Rin probably wouldn’t even believe him.

It sounded like an excuse even to Brennon’s ears.

“Drowning sucks.” It was there though, all around him, that feeling of being dragged under, the heavy weight of water holding him at all sides, his lungs burning from lack of oxygen. Any second now, and he’d scream, he’d scream and he’d let all that water in and—

“That’s more my brother’s thing,” Rin said, voice bursting through the sound of crashing waves that threatened to block the rest of the noises of the crowded club out.

“Sila?” Brennon shook his head. “No, no. He swims. He’s great at it. He’d never drown. A guy like that? A guy who always has his shit together, who never has to worry or doubt? He could never.”

Rin tilted his head. “Doubt what?”

“Himself.”

He snorted. “You are right. Sila Varun would never doubt himself.”

“Exactly.” Brennon snapped his fingers. “He doesn’t know what it’s like to drown. On land. In front of everybody.” His gaze swept out across the packed dance floor. No one looked back.

No one ever did.

He scoffed. “Pity party.”

“What is it like?” Rin asked. “Are you drowning right now?”

“All the time.” He hiccupped and laughed.

“There are different levels, different stages, but I’m always drowning in one way or another.

Right now?” He slammed a fist against the center of his chest, the burst of pain welcomed.

“It’s the sad kind. The kind where I’m sinking and I can’t do anything to stop it. ”

More accurately, the kind where he didn’t want to do anything to stop it.
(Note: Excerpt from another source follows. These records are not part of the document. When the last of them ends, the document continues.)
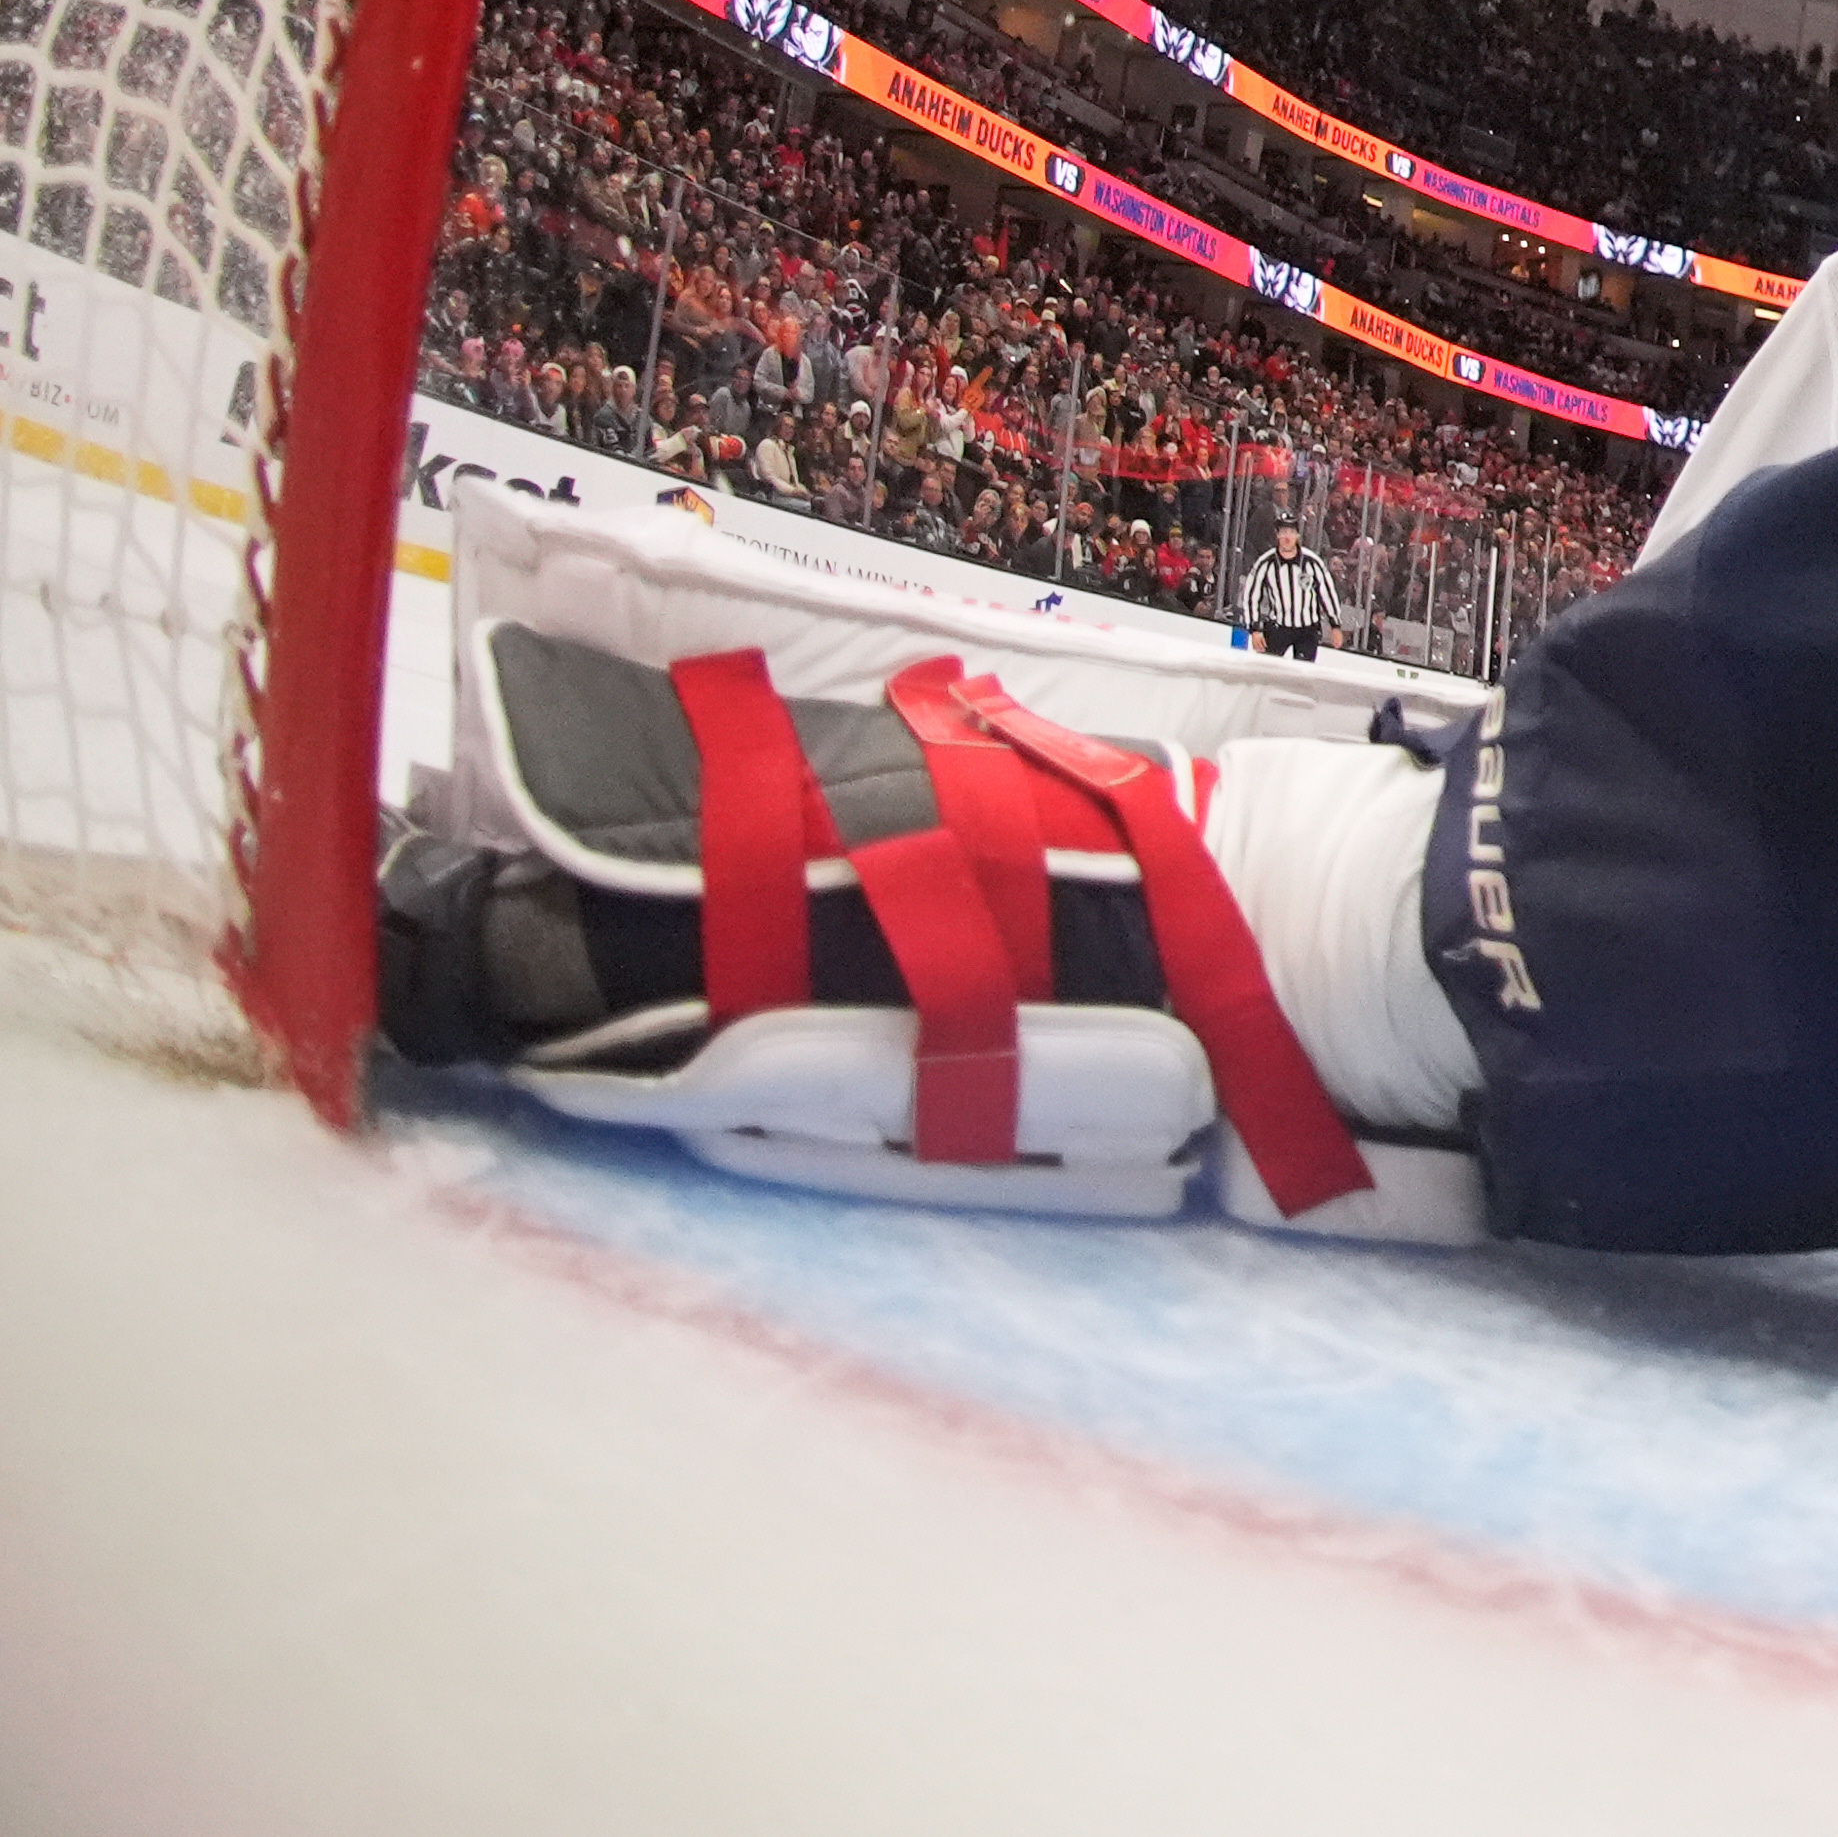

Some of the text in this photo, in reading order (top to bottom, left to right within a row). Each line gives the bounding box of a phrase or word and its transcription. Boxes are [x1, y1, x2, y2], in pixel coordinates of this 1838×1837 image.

[887, 71, 974, 138] ANAHEIM
[975, 116, 1037, 171] DUCKS
[1054, 157, 1079, 194] VS
[1271, 92, 1330, 142] ANAHEIM
[1331, 125, 1379, 164] DUCKS
[1391, 154, 1412, 178] VS
[1350, 305, 1402, 351] ANAHEIM
[1404, 330, 1445, 369] DUCKS
[1459, 355, 1482, 382] VS
Where he gave in to the sadness and the forlorn feeling, and his dark thoughts got the best of him. Where he believed all those negatives spoken about him, by others, and by himself.
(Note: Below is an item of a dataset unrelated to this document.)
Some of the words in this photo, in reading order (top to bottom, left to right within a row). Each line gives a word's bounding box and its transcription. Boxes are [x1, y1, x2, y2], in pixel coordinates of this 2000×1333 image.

Where he admitted he was secretly lonely.

No one would believe that either. On paper, he had the perfect life. Rich, mildly attractive, had friends…

The money was his parent’s, mildly attractive wouldn’t get him noticed, and as for the friends…Daylen and Calder had made their distaste clear. They didn’t agree with what he’d done to Rin either. Stuck around for the same reasons Rin did.

Out of convenience.

Great. Now he sounded entitled and ungrateful.

“I didn’t know you felt this way,” Rin said. “You’ve always seemed…dull.”

He chuckled. “Do you think it’s boring to drown? It takes a lot of energy.”

The room spun around him, and he closed his eyes against it for a minute. It helped with the dizziness, but not the weight crushing him. That inescapable weight that made him feel he didn’t matter and had no control.

Hell, he was one of the richest guys on the whole planet, but he couldn’t find one thing to truly call his own. Couldn’t find a single thing to help breathe fresh air back into his lungs.

He’d thought, maybe, with how close they were, that thing could be Rin, but he’d been wrong.

“Maybe I never even liked you at all,” he murmured. “Maybe I just thought you could stop me from drowning.”

“Would you like help?” Rin asked, and Brennon frowned.

“What?”

“I don’t know enough about drowning yet. But the other thing. That I can grasp. Your misplaced crush. Getting over it?” he reiterated. “Would you like help?”

Getting over it wasn’t the issue, but he couldn’t say that, even as drunk as he was. Besides, what a weird thing to say, but… “Yeah. Hell. Why not? How?”

Rin took one last sip of the fancy drink he’d been milking for…however long this conversation had lasted, and then stood, motioning toward the left with his chin. “Follow me.”